+++ This bug was initially created as a clone of Bug #1890456 +++ Description of problem: mapi_instance_create_failed doesn't work on openstack Version-Release number of selected component (if applicable): 4.6.0-rc.4 How reproducible: Always Steps to Reproduce: 1.Create a failed machine by setting template to an invalid one 2.Check prometheus metrics 3. Actual results: Prometheus web console show "No datapoints found". $ token=`oc sa get-token prometheus-k8s -n openshift-monitoring` $ oc -n openshift-monitoring exec -c prometheus prometheus-k8s-0 -- curl -k -H "Authorization: Bearer $token" 'https://prometheus-k8s.openshift-monitoring.svc:9091/api/v1/label/__name__/values' | jq | grep "mapi_instance_" % Total % Received % Xferd Average Speed Time Time Time Current Dload Upload Total Spent Left Speed 100 64475 0 64475 0 0 530k 0 --:--:-- --:--:-- --:--:-- 533k $ oc get machine NAME PHASE TYPE REGION ZONE AGE zhsunvs22-tr2bv-master-0 Running 15h zhsunvs22-tr2bv-master-1 Running 15h zhsunvs22-tr2bv-master-2 Running 15h zhsunvs22-tr2bv-worker-5d6xw Running 15h zhsunvs22-tr2bv-worker-xrw84 Running 15h zhsunvs22-tr2bv-worker1-sjkss Failed 13h Expected results: Should show mapi_instance_create_failed detail info.
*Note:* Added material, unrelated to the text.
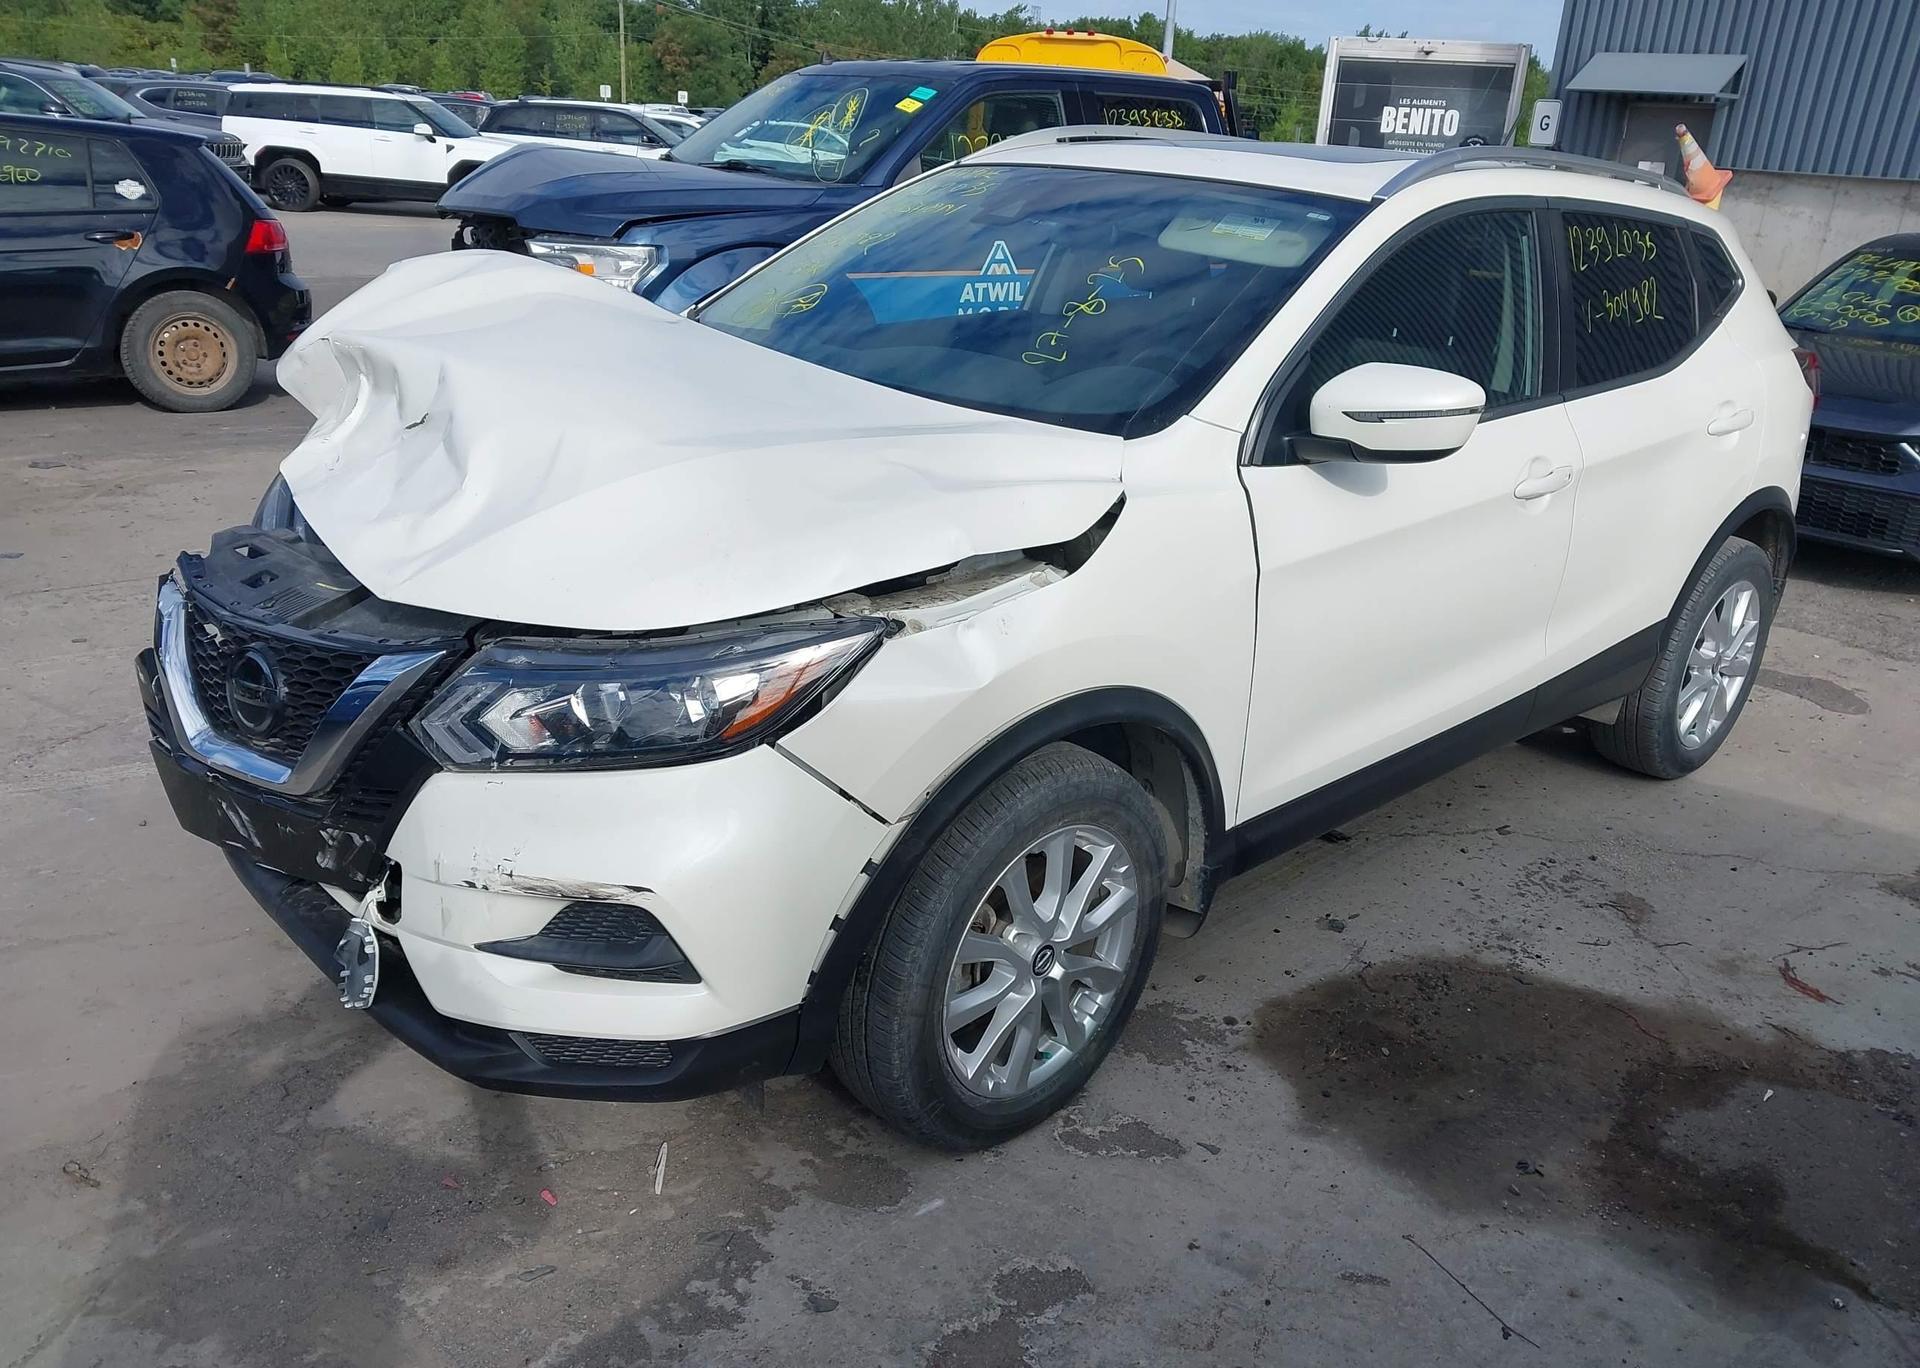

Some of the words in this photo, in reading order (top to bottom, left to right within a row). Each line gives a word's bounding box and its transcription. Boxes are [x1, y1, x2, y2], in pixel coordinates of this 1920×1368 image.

Reproduced with: ``` $ oc get machineset -n openshift-machine-api -o json \ | jq '.items[0].spec.template.spec.providerSpec.value.flavor="invalid"' \ | jq '.items[0].spec.replicas=4' \ | oc apply -f - $ sleep 5 $ oc -n openshift-monitoring exec -c prometheus prometheus-k8s-0 -- \ curl -sSk -H "Authorization: Bearer $(oc sa get-token prometheus-k8s -n openshift-monitoring)" 'https://prometheus-k8s.openshift-monitoring.svc:9091/api/v1/label/__name__/values' \ | jq \ | grep "mapi_instance_" ``` One failed machine on AWS generates a Prometheus value; the same information does not appear on OpenStack's Prometheus. Raising the severity, as this looks like a pretty sensitive missing piece of OCP's observability.
Marked as "blocker-" because it's not a regression (issue found in 4.6+)
In contrast to CAPA[1], CAPO doesn't seem to be instrumented to report create, update or delete failures to Prometheus. The team will have to decide whether to introduce the change before the upstream rebase. [1]: https://github.com/openshift/cluster-api-provider-aws/blob/2d4e76faac97d3e4a26d2685d8efd78173bae52e/pkg/actuators/machine/reconciler.go#L77
Since this is not a regression, and there doesn't seem to be customer cases attached, we postpone tackling this bug until after we complete the rebase work we are planning for CAPO. I am restoring the original priority and severity (low/low).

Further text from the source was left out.